**Stored data entries**

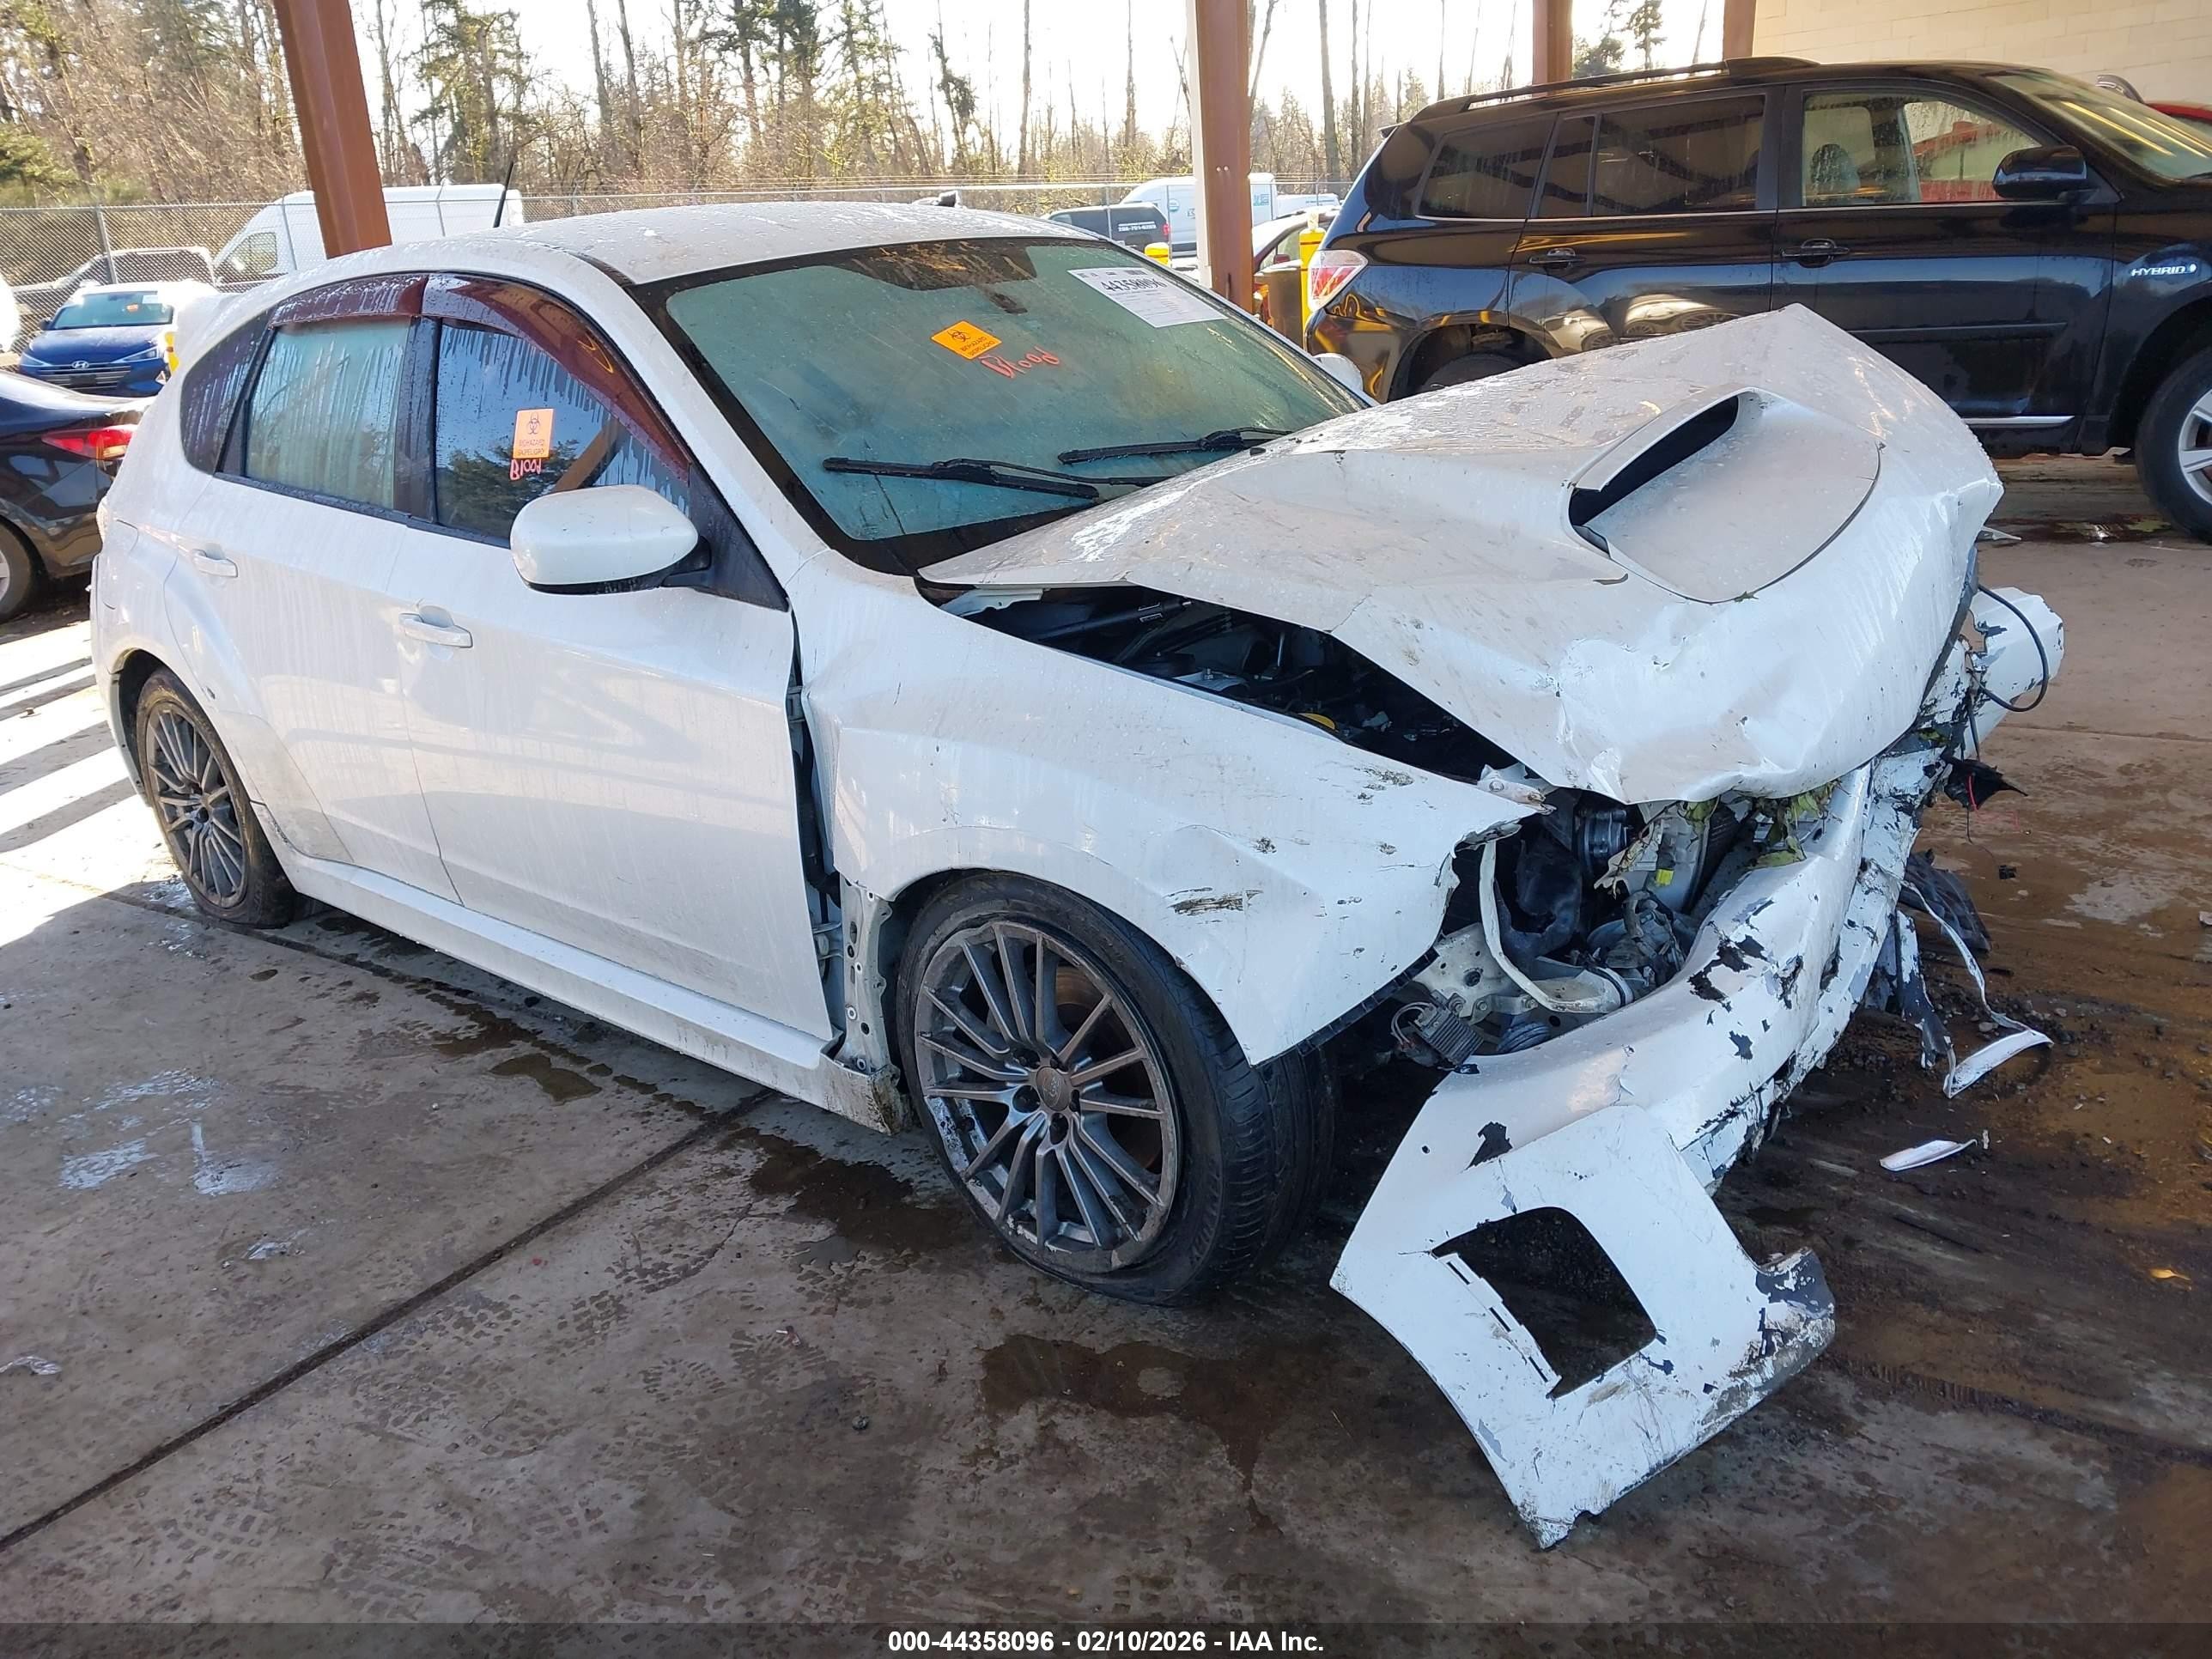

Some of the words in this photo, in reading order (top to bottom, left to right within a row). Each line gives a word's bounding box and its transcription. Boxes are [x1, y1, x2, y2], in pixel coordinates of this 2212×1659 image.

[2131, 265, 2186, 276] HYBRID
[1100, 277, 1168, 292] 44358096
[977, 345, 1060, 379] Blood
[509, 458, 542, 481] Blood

**Instructions to follow**
An exact copy of the data is required, with the pictures excluded.

**Task output**
Some of the words in this photo, in reading order (top to bottom, left to right within a row). Each line gives a word's bounding box and its transcription. Boxes are [x1, y1, x2, y2], in pixel coordinates of this 2212×1659 image.

[2131, 265, 2186, 276] HYBRID
[1100, 277, 1168, 292] 44358096
[977, 345, 1060, 379] Blood
[509, 458, 542, 481] Blood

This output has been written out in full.